## WHAT THE TASK REQUIRES
Leaving the pictures aside, repeat every line below exactly.

## DATA SUPPLIED
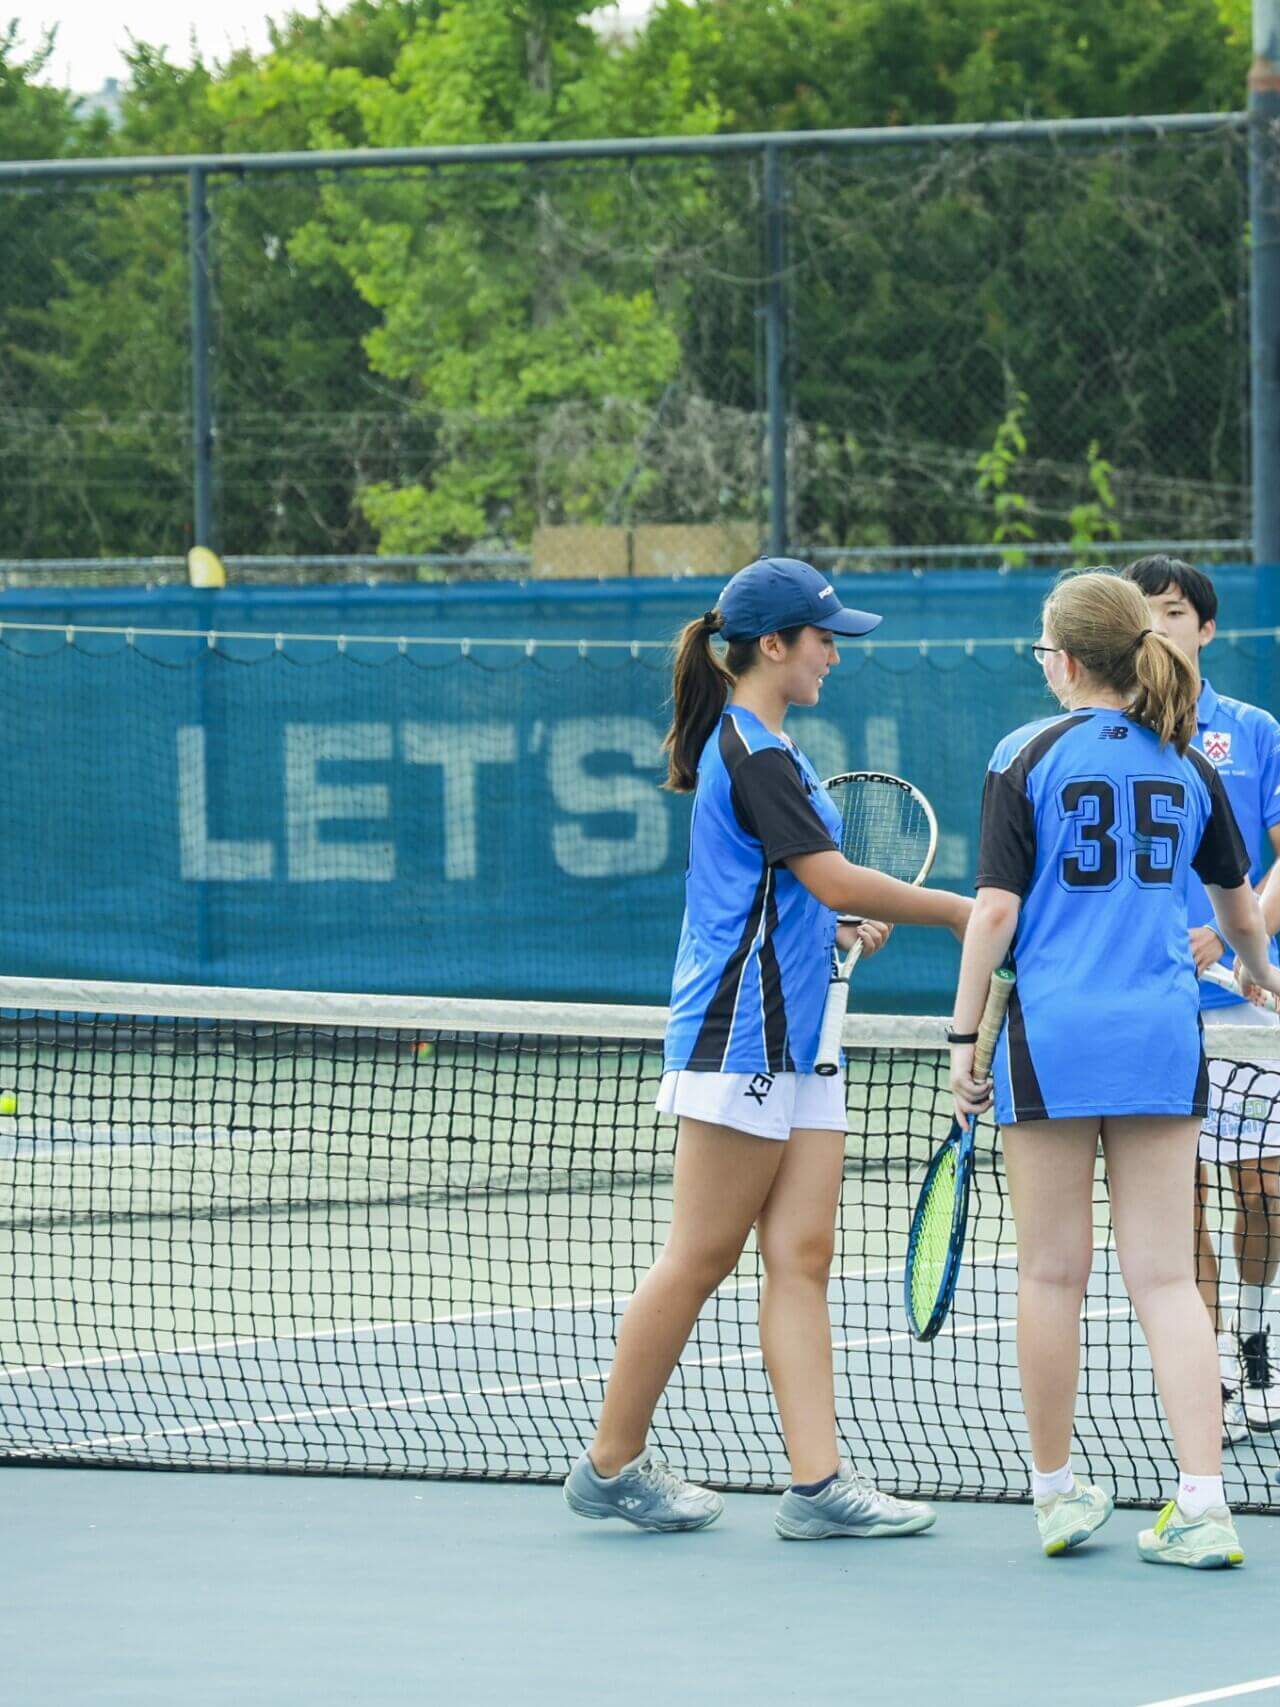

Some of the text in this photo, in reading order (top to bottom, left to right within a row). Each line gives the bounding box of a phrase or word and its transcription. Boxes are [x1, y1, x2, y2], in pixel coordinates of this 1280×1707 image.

[176, 716, 669, 882] LET'S
[1055, 774, 1187, 892] 35
[744, 1071, 776, 1106] EX
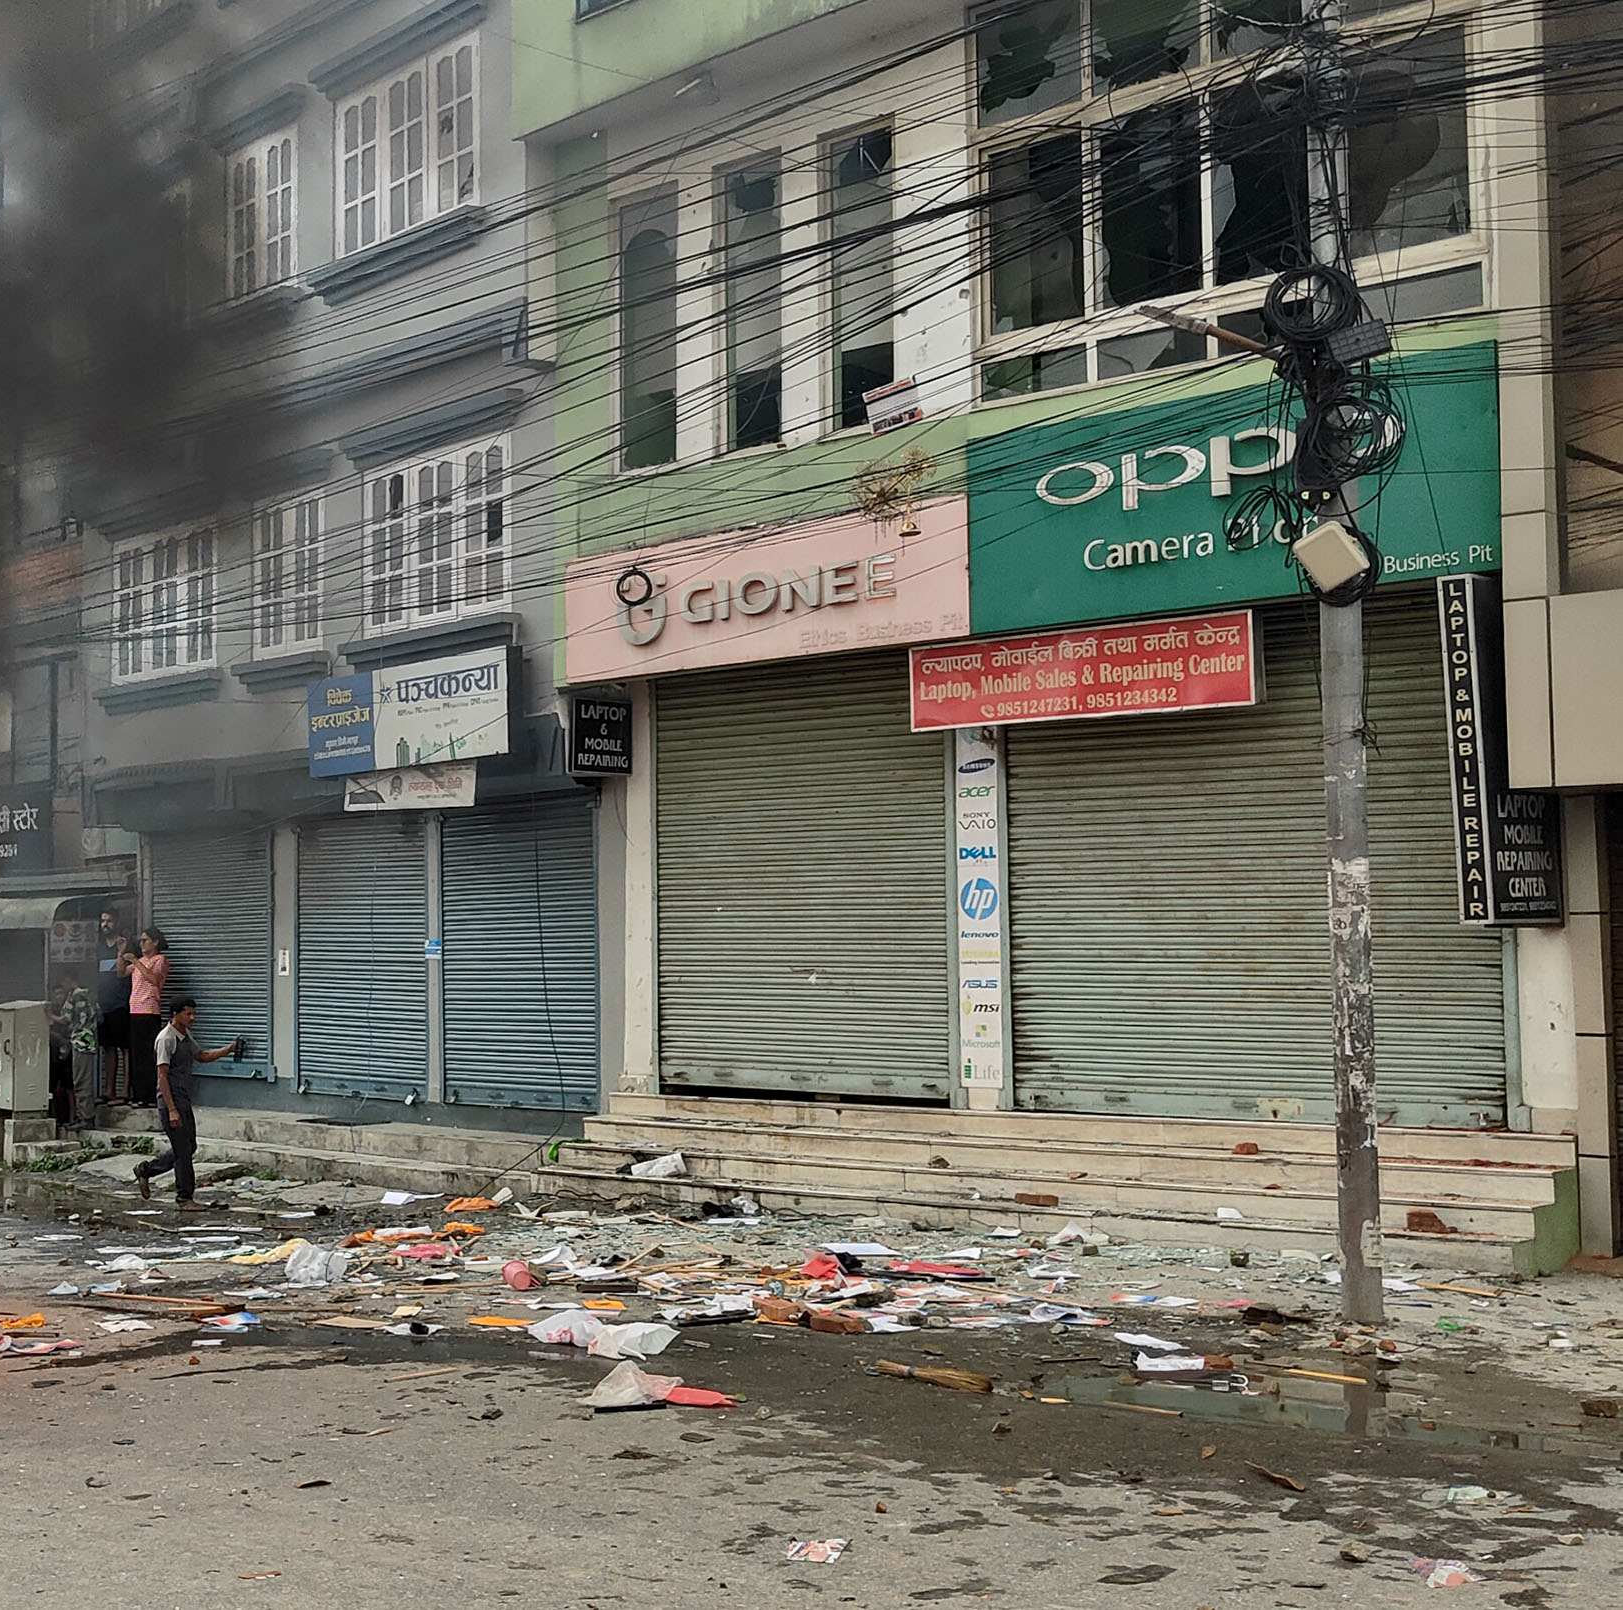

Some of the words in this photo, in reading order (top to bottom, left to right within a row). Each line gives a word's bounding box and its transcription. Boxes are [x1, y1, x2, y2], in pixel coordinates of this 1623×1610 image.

[1083, 531, 1214, 571] Camera
[1384, 550, 1460, 574] Business
[1468, 545, 1493, 564] Pit
[680, 553, 897, 623] GIONEE
[1103, 636, 1137, 656] तथा
[1194, 623, 1241, 646] केन्द्र
[1448, 583, 1468, 681] LAPTOP
[919, 679, 976, 703] Laptop,
[981, 671, 1032, 695] Mobile
[1035, 667, 1077, 691] Sales
[1081, 664, 1095, 686] &
[1099, 657, 1185, 686] Repairing
[1188, 652, 1246, 676] Center
[997, 695, 1083, 717] 9851247231,
[1086, 687, 1178, 709] 9851234342
[1455, 688, 1470, 702] &
[581, 703, 627, 722] LAPTOP
[584, 737, 623, 752] MOBILE
[577, 752, 629, 768] REPAIRING
[1455, 707, 1477, 808] MOBILE
[958, 786, 995, 798] acer
[1496, 794, 1546, 819] LAPTOP
[958, 818, 996, 830] VAIO
[1503, 824, 1544, 845] MOBILE
[959, 846, 997, 860] DELL
[1496, 851, 1553, 871] REPAIRING
[1463, 816, 1485, 917] REPAIR
[1508, 877, 1546, 898] CENTER
[964, 878, 995, 920] hp
[961, 930, 999, 939] lenovo
[962, 979, 998, 989] ASUS
[973, 1003, 999, 1012] msi
[962, 1039, 1000, 1049] Microsoft

## SOLUTION BELOW
Some of the text in this photo, in reading order (top to bottom, left to right within a row). Each line gives the bounding box of a phrase or word and its transcription. Boxes are [x1, y1, x2, y2], in pixel coordinates of this 1280×1707 image.

[176, 716, 669, 882] LET'S
[1055, 774, 1187, 892] 35
[744, 1071, 776, 1106] EX

Some of the words in this photo, in reading order (top to bottom, left to right within a row). Each line gives a word's bounding box and its transcription. Boxes are [x1, y1, x2, y2], in pixel coordinates of this 1623×1610 image.

[1083, 531, 1214, 571] Camera
[1384, 550, 1460, 574] Business
[1468, 545, 1493, 564] Pit
[680, 553, 897, 623] GIONEE
[1103, 636, 1137, 656] तथा
[1194, 623, 1241, 646] केन्द्र
[1448, 583, 1468, 681] LAPTOP
[919, 679, 976, 703] Laptop,
[981, 671, 1032, 695] Mobile
[1035, 667, 1077, 691] Sales
[1081, 664, 1095, 686] &
[1099, 657, 1185, 686] Repairing
[1188, 652, 1246, 676] Center
[997, 695, 1083, 717] 9851247231,
[1086, 687, 1178, 709] 9851234342
[1455, 688, 1470, 702] &
[581, 703, 627, 722] LAPTOP
[584, 737, 623, 752] MOBILE
[577, 752, 629, 768] REPAIRING
[1455, 707, 1477, 808] MOBILE
[958, 786, 995, 798] acer
[1496, 794, 1546, 819] LAPTOP
[958, 818, 996, 830] VAIO
[1503, 824, 1544, 845] MOBILE
[959, 846, 997, 860] DELL
[1496, 851, 1553, 871] REPAIRING
[1463, 816, 1485, 917] REPAIR
[1508, 877, 1546, 898] CENTER
[964, 878, 995, 920] hp
[961, 930, 999, 939] lenovo
[962, 979, 998, 989] ASUS
[973, 1003, 999, 1012] msi
[962, 1039, 1000, 1049] Microsoft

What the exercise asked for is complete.